Many sites have begun as a result of publications that are supported by the institutions, like the Ole Miss Spirit and GatorBait. These sites often receive tremendous support from their institutions and are provided the same access to athletes and information as "hard news" media outlets like The Florida Times-Union and the Gainesville Sun.
"We wanted to be a solid media outlet that provided information to the fans of the Gators," said Dave Stirt, founder of GatorBait magazine. "But, we also were determined not to be a homer publication that simply served as a mouth of the athletic department." (Stirt, 2000)
But these sites are competing with the newspaper and television sites for a place at the table at events. The added pressure of the everyman site is one that complicates the issue.

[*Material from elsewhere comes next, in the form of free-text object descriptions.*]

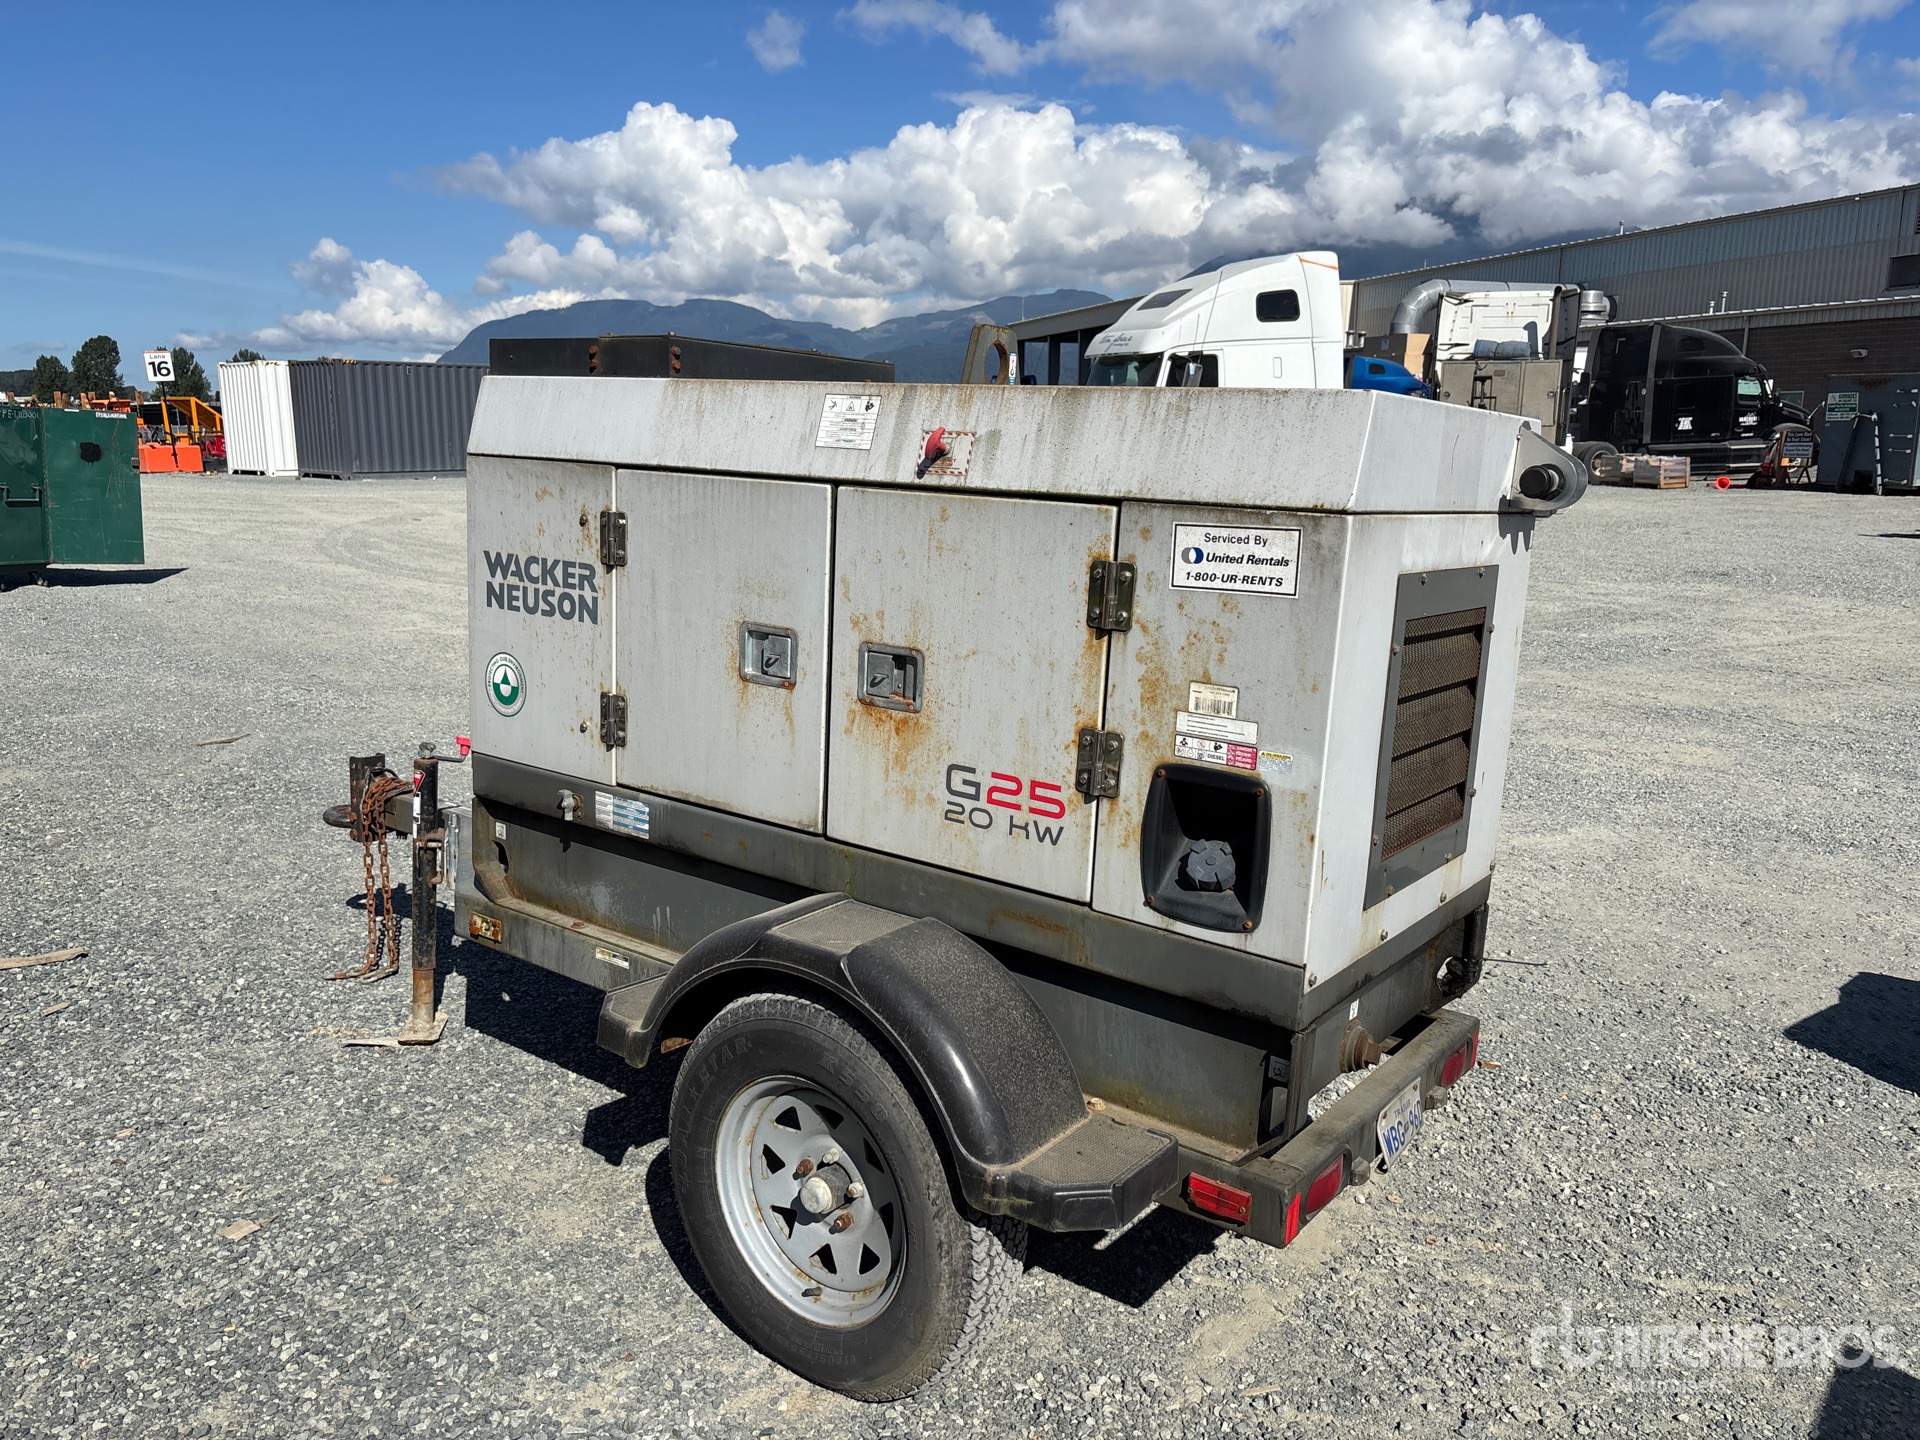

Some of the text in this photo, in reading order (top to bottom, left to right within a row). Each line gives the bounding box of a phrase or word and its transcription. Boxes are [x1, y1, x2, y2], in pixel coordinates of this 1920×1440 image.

[147, 360, 172, 377] 16
[1204, 533, 1269, 547] Serviced By
[1206, 552, 1290, 567] United Rentals
[483, 550, 599, 593] WACKER
[1185, 571, 1284, 587] 1-800-UR-RENTS
[486, 581, 599, 625] NEUSON
[1207, 753, 1226, 762] DIESEL
[945, 763, 1066, 820] G25
[944, 800, 993, 830] 20

Many of these sites incorporate chat rooms and message board options, which allow fans to post their opinions on the issues and the games. They also tend to deal a lot more with rumor and speculation than the other sites, which are supported by printed media outlets and broadcast outlets.
Because of the lack of a tie to these media organizations, many athletic institutions refuse to recognize them as legitimate players in the game of journalism and bar them from taking a seat at the table.
The ironic part is that in some cases the garage site may get the actual story quicker than the legitimate site because of the ability to run with a rumor and lack of accountability to a higher name. The very nature of the chat rooms and message boards allows them to post information, or misinformation, with anonymity and viewers are allowed to determine for themselves what they view as truth and fiction.